Here, the petitioner has not provided the court with any information regarding how many attorneys she has contacted, or who they were, or when she tried to contact them. She must provide that information first, before the court will consider appointing counsel for her. Even if she had provided that information, the court could not conclude at this stage that the plaintiff cannot present her claims on her own. Although the plaintiff has asked for two forms of relief that cannot be combined in the same case, she has clearly laid out why she believes that her conviction is unlawful. The court will deny the petitioner’s motion to appoint counsel without prejudice; if there comes a time when she cannot handle the case herself, she may renew her motion.

III. Petition for Writ of Habeas Corpus

The court has, for the purposes of this order, treated the petitioner’s pleading as a petition for a writ of habeas corpus under 28 U.S.C. §§2241 and 2254. Section 2254 of Title 28 permits a person in custody under a state court judgment to bring a petition for a writ of habeas corpus on the ground that she is “in custody in violation of the Constitution or laws or treaties of the United *6 States.” 28 U.S.C. § 2254(a). There is a specific form for people seeking habeas relief under §2254 to use. This form is designed to give a court all of the information that it needs to decide whether the petitioner is entitled to relief, including information about whether the petitioner timely requested that relief.
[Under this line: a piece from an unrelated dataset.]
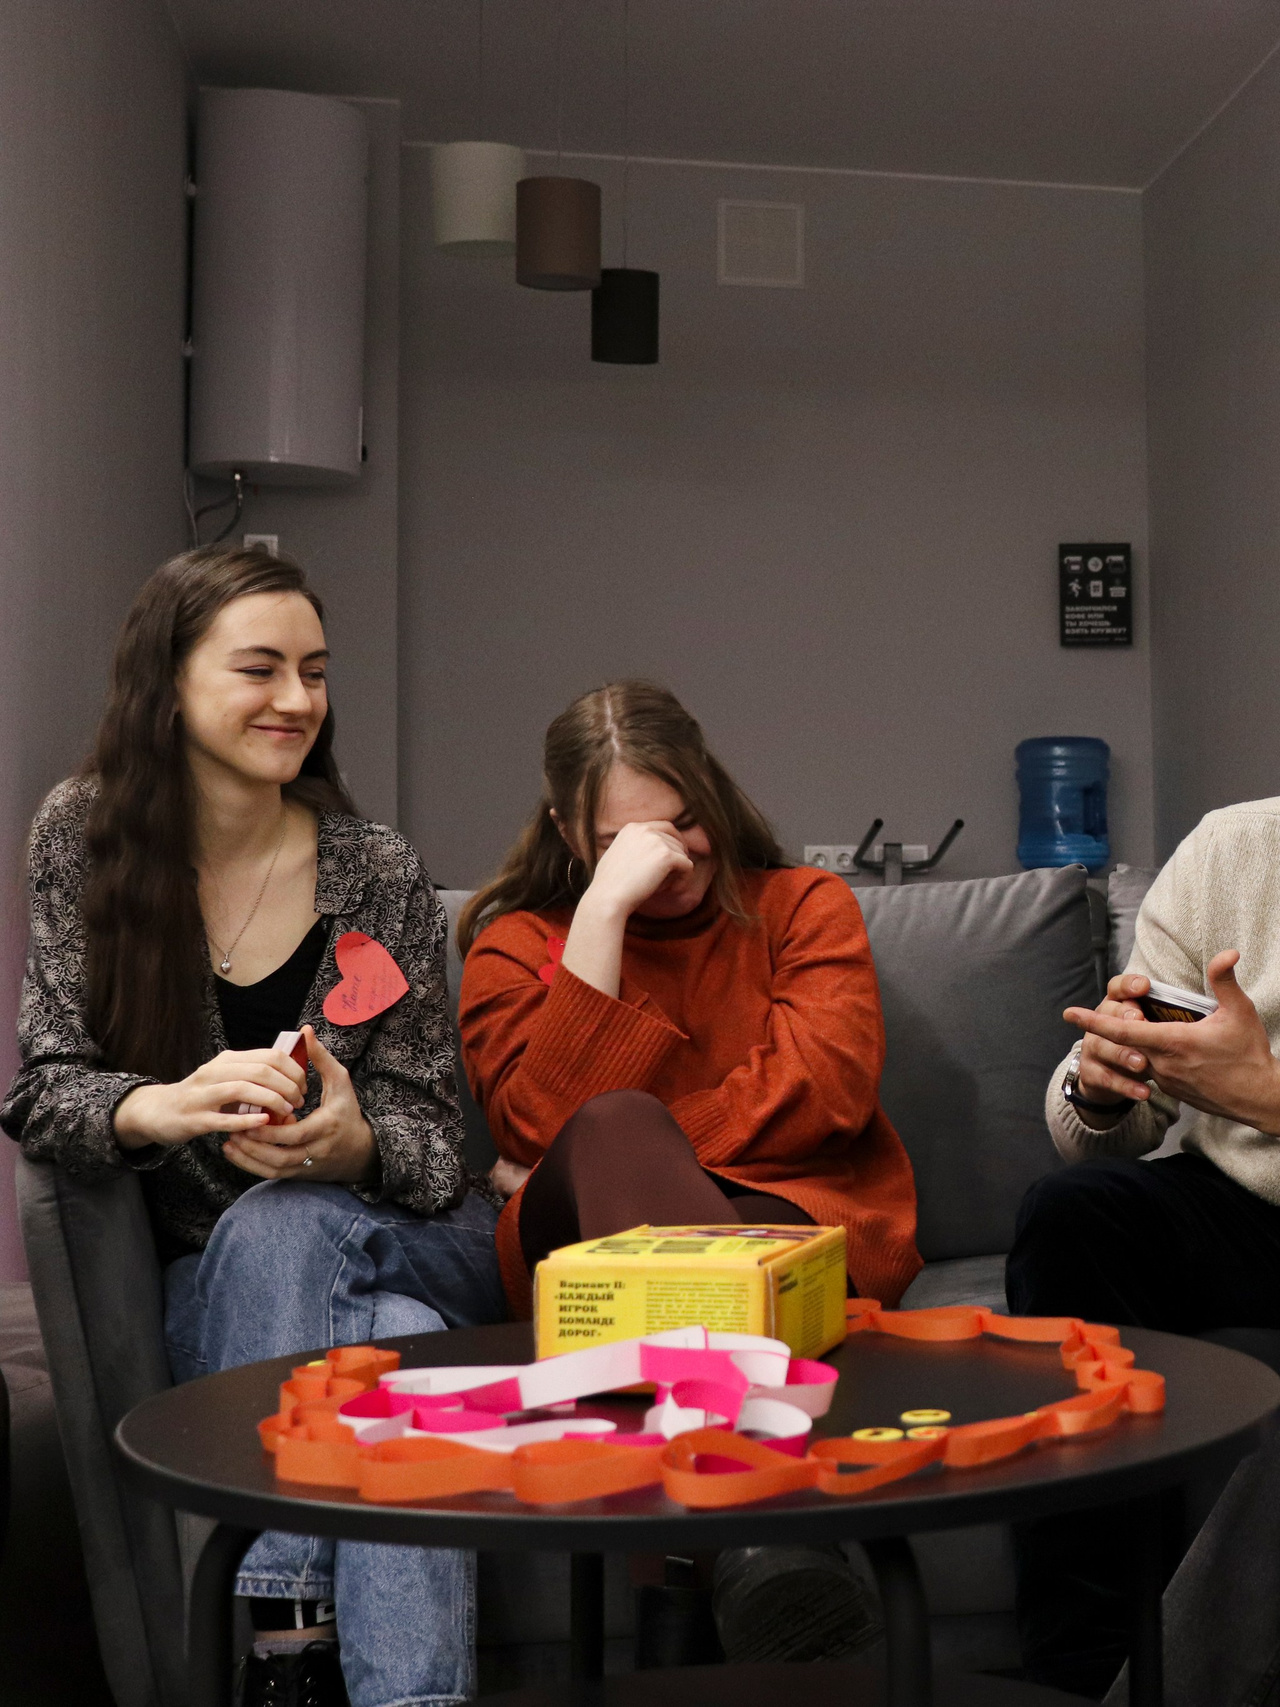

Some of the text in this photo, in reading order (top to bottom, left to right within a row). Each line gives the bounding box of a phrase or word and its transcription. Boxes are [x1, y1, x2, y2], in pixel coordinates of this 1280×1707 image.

The law requires a person to file a §2254 petition within one year from the latest of—

(A) the date on which the judgment became final by the conclusion of direct review or the expiration of the time for seeking such review;
(B) the date on which the impediment to filing an application created by State action in violation of the Constitution or laws of the United States is removed, if the applicant was prevented from filing by such State action;
(C) the date on which the constitutional right asserted was initially recognized by the Supreme Court, if the right has been newly recognized by the Supreme Court and made retroactively applicable to cases on collateral review; or
(D) the date on which the factual predicate of the claim or claims presented could have been discovered through the exercise of due diligence.

28 U.S.C. § 2244(d).

Because the petitioner did not file her petition on the required form, she has not provided all information necessary for the court to determine whether she is time-barred from filing for relief. The court did some research on its own to try to make this determination. The court first looked at the Wisconsin Circuit Court Access Program (“CCAP”), the on-line docketing system for state court cases. That database shows State v. Borchardt, 1994CF00313, in Jefferson County in front of Judge John M. Ullsvik.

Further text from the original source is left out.